▶ **WHAT YOU ARE ASKED TO DO**
An exact restatement of every record is required.

########

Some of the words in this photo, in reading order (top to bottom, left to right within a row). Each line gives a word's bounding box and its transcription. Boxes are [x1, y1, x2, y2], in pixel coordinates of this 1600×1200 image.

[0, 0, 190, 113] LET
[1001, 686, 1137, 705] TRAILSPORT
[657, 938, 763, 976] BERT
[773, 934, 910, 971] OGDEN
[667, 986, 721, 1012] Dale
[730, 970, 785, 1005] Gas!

########

▶ **ANSWER TO THIS EXERCISE**
Some of the words in this photo, in reading order (top to bottom, left to right within a row). Each line gives a word's bounding box and its transcription. Boxes are [x1, y1, x2, y2], in pixel coordinates of this 1600×1200 image.

[0, 0, 190, 113] LET
[1001, 686, 1137, 705] TRAILSPORT
[657, 938, 763, 976] BERT
[773, 934, 910, 971] OGDEN
[667, 986, 721, 1012] Dale
[730, 970, 785, 1005] Gas!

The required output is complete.